Aim of the task
Word for word, copy the records and drop the pictures.

Source records
☆ ☆ ☆ ☆

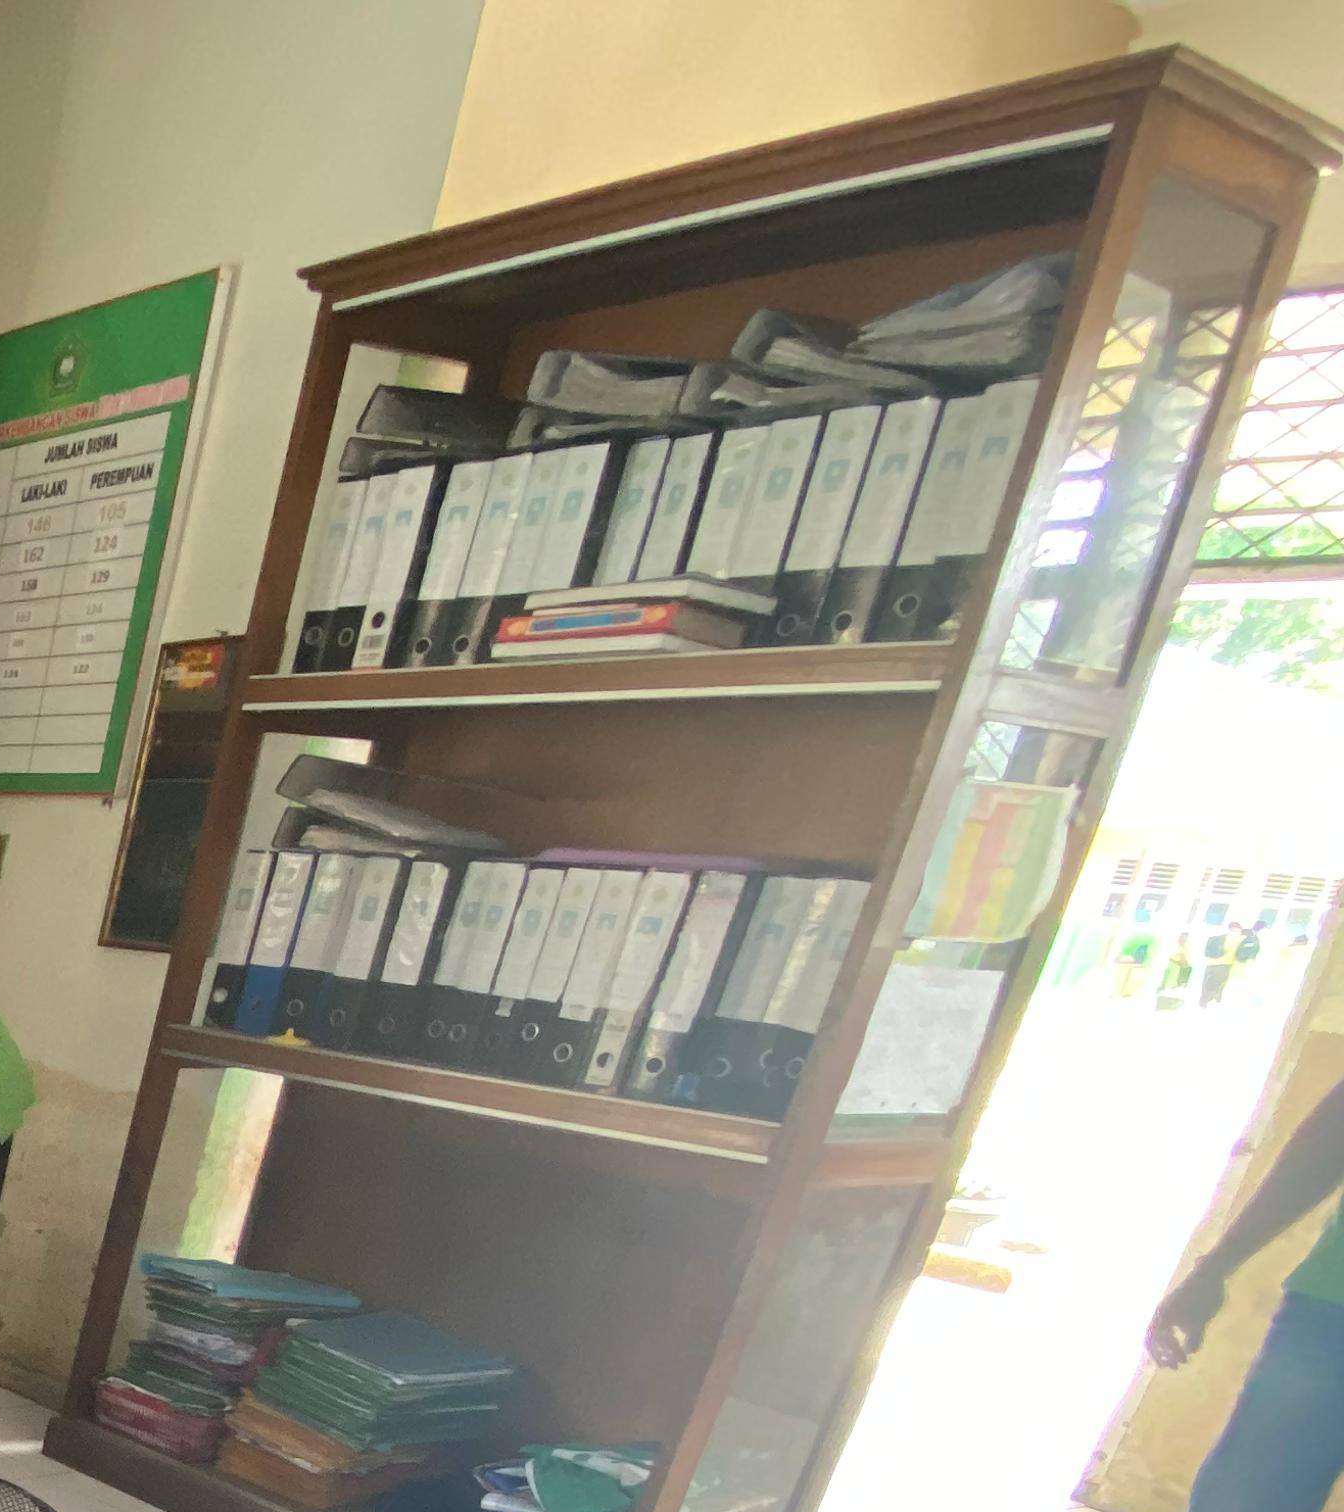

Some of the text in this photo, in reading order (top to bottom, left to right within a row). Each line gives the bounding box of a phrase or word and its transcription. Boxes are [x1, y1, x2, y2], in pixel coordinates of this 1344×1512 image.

[44, 433, 118, 463] JUMLAH SISWA
[90, 463, 155, 489] PEREMPUAN
[21, 480, 68, 503] LAKI-LAKI
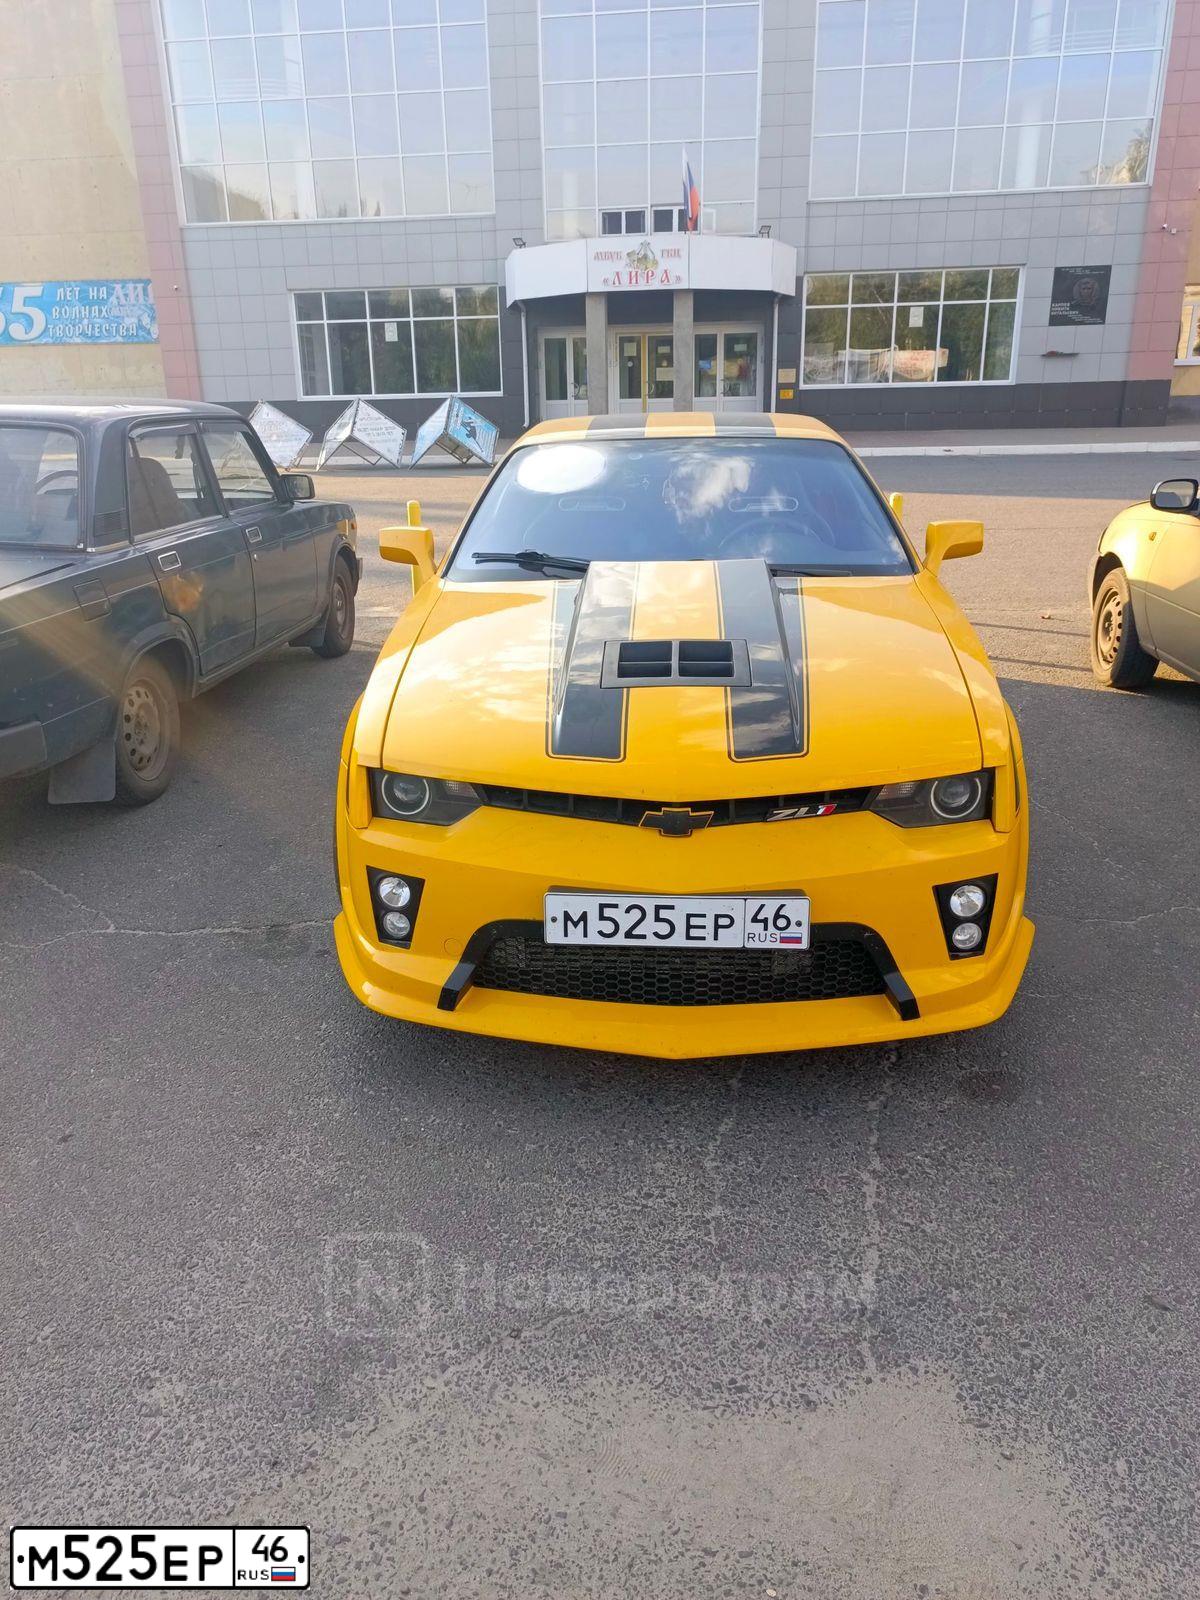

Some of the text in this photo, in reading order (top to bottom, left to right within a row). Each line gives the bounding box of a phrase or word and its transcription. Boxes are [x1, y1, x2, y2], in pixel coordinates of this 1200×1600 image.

[57, 286, 108, 301] ЛЕТ НА
[52, 304, 109, 319] ВОЛНАХ
[48, 322, 137, 338] ТВОРЧЕСТВА
[767, 803, 838, 821] ZL1
[562, 902, 736, 942] М525ЕР
[750, 903, 792, 932] 46
[747, 932, 778, 944] RUS
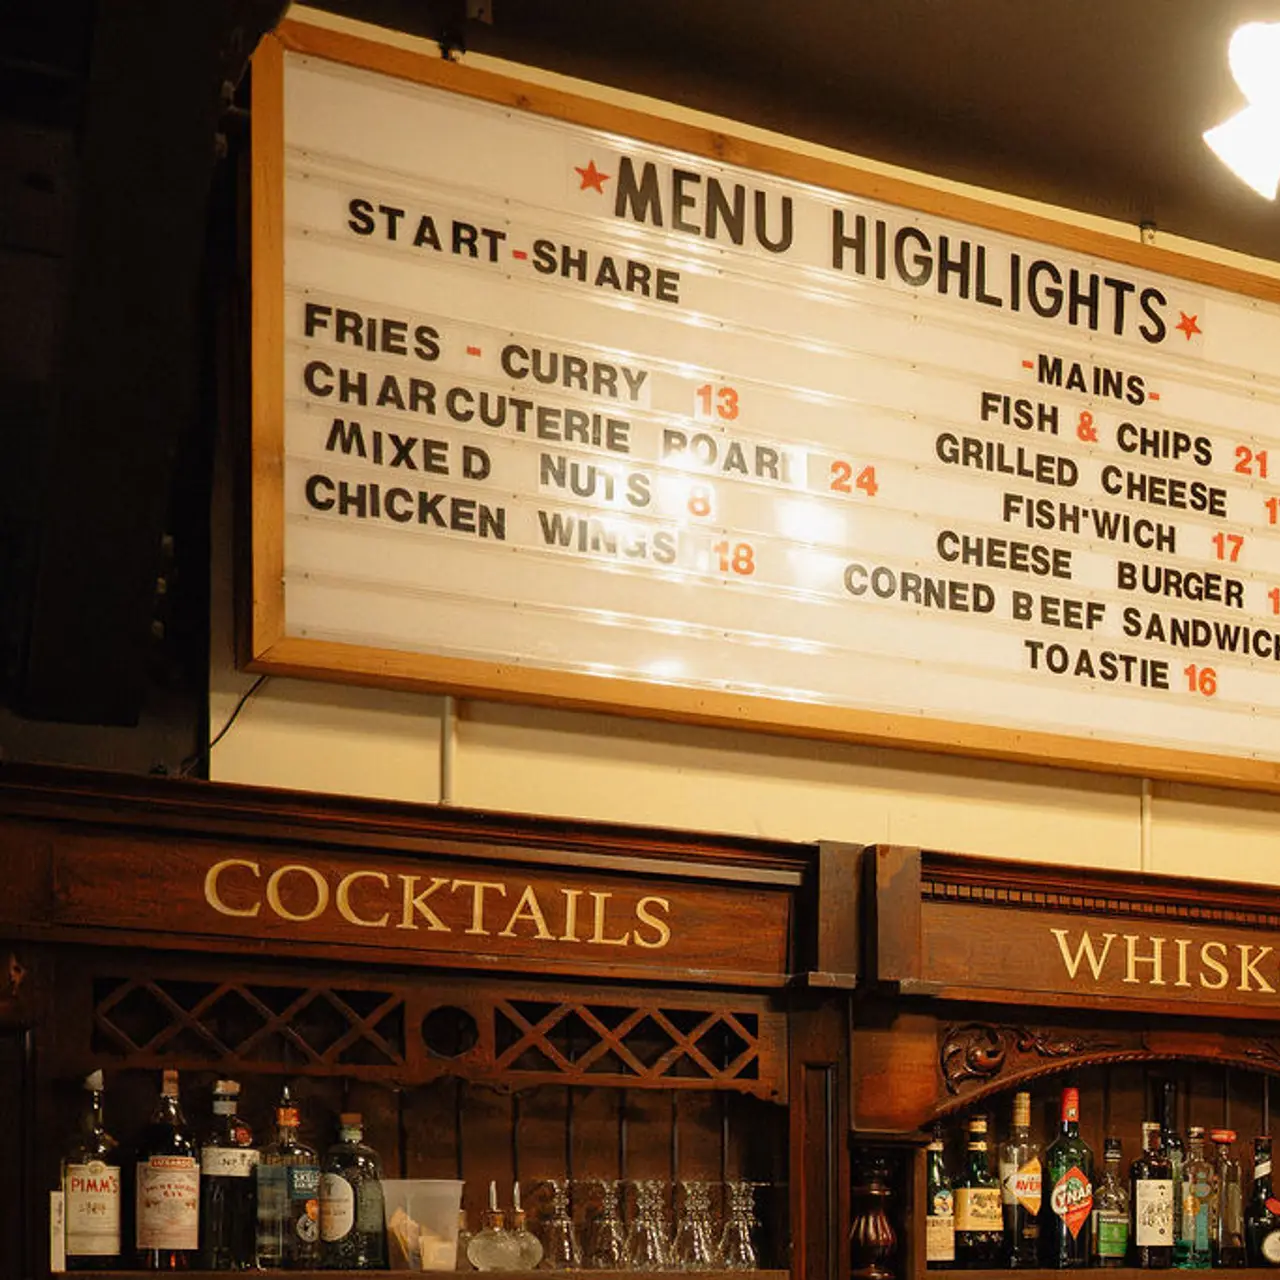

☆ ☆ ☆ ☆

Response to this exercise
Some of the text in this photo, in reading order (top to bottom, left to right within a row). Each line gives the bounding box of a phrase or word and its transcription. Boxes are [x1, y1, x2, y2], in pixel coordinates of this 1344×1512 image.

[44, 433, 118, 463] JUMLAH SISWA
[90, 463, 155, 489] PEREMPUAN
[21, 480, 68, 503] LAKI-LAKI

Some of the text in this photo, in reading order (top to bottom, left to right within a row). Each line gives the bounding box of a phrase or word and its transcription. Boxes are [x1, y1, x2, y2], in pixel coordinates of this 1200×1600 image.

[57, 286, 108, 301] ЛЕТ НА
[52, 304, 109, 319] ВОЛНАХ
[48, 322, 137, 338] ТВОРЧЕСТВА
[767, 803, 838, 821] ZL1
[562, 902, 736, 942] М525ЕР
[750, 903, 792, 932] 46
[747, 932, 778, 944] RUS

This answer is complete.